:: Exercise inputs

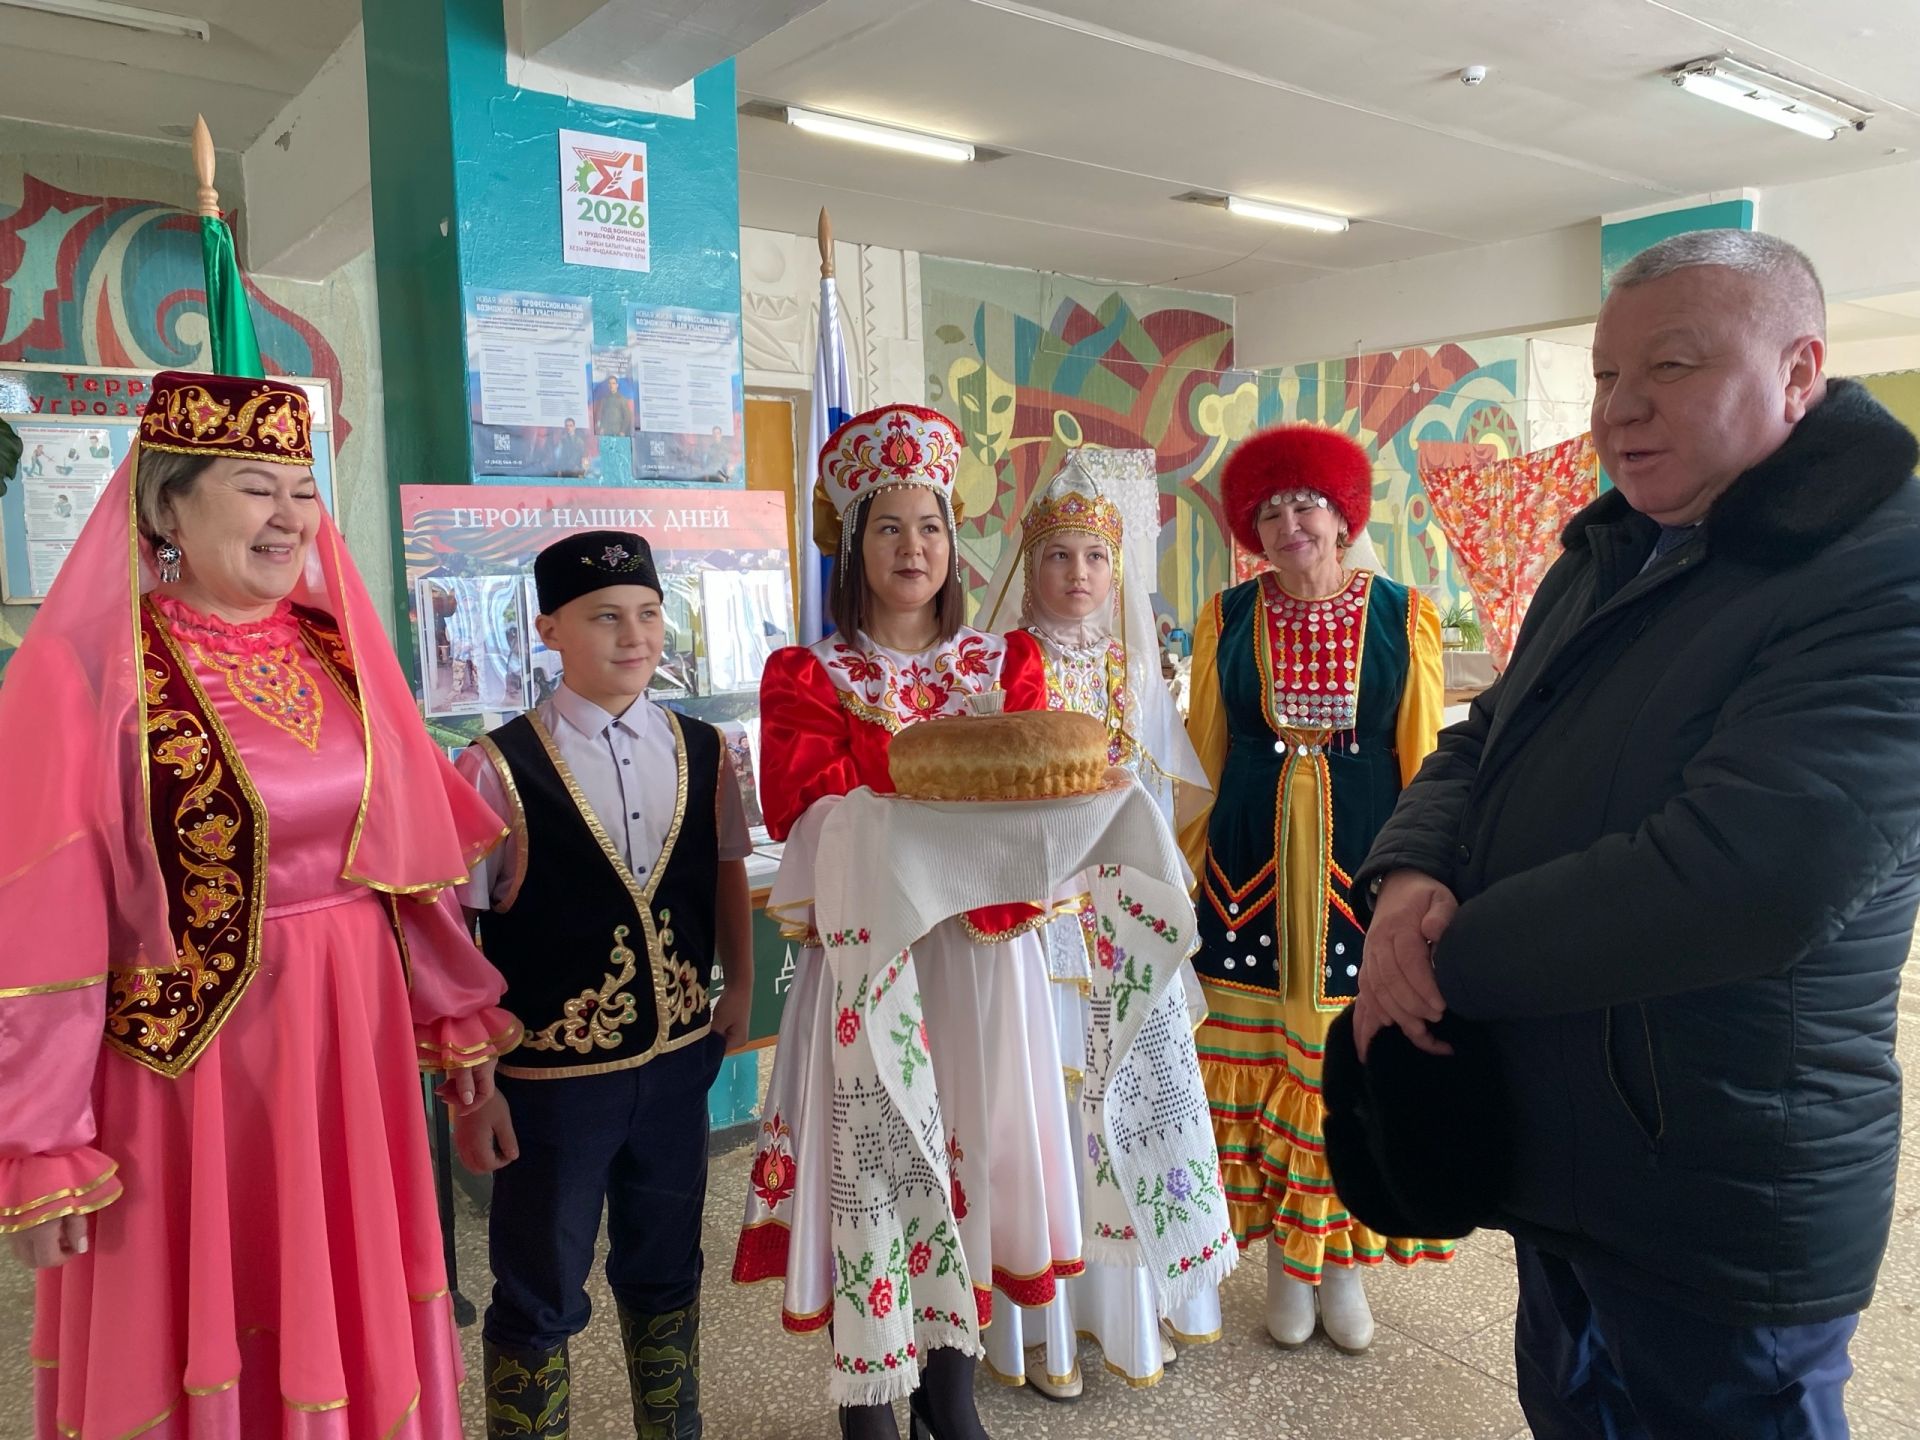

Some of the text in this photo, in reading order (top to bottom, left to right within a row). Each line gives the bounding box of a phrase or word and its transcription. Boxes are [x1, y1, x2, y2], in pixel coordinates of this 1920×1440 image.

[577, 197, 645, 229] 2026
[584, 231, 615, 241] ТРУДОВОЙ
[616, 235, 646, 244] ДОБЛЕСТИ
[613, 228, 645, 238] ВОИНСКОЙ
[476, 303, 521, 315] ВОЗМОЖНОСТИ
[522, 307, 535, 316] ДЛЯ
[61, 373, 154, 398] Терр
[451, 505, 730, 532] ГЕРОИ НАШИХ ДНЕЙ

::::

* Your task *
Leave every image out and retype the entries above word for word.

* Answer below *
Some of the text in this photo, in reading order (top to bottom, left to right within a row). Each line gives the bounding box of a phrase or word and its transcription. Boxes are [x1, y1, x2, y2], in pixel coordinates of this 1920×1440 image.

[577, 197, 645, 229] 2026
[584, 231, 615, 241] ТРУДОВОЙ
[616, 235, 646, 244] ДОБЛЕСТИ
[613, 228, 645, 238] ВОИНСКОЙ
[476, 303, 521, 315] ВОЗМОЖНОСТИ
[522, 307, 535, 316] ДЛЯ
[61, 373, 154, 398] Терр
[451, 505, 730, 532] ГЕРОИ НАШИХ ДНЕЙ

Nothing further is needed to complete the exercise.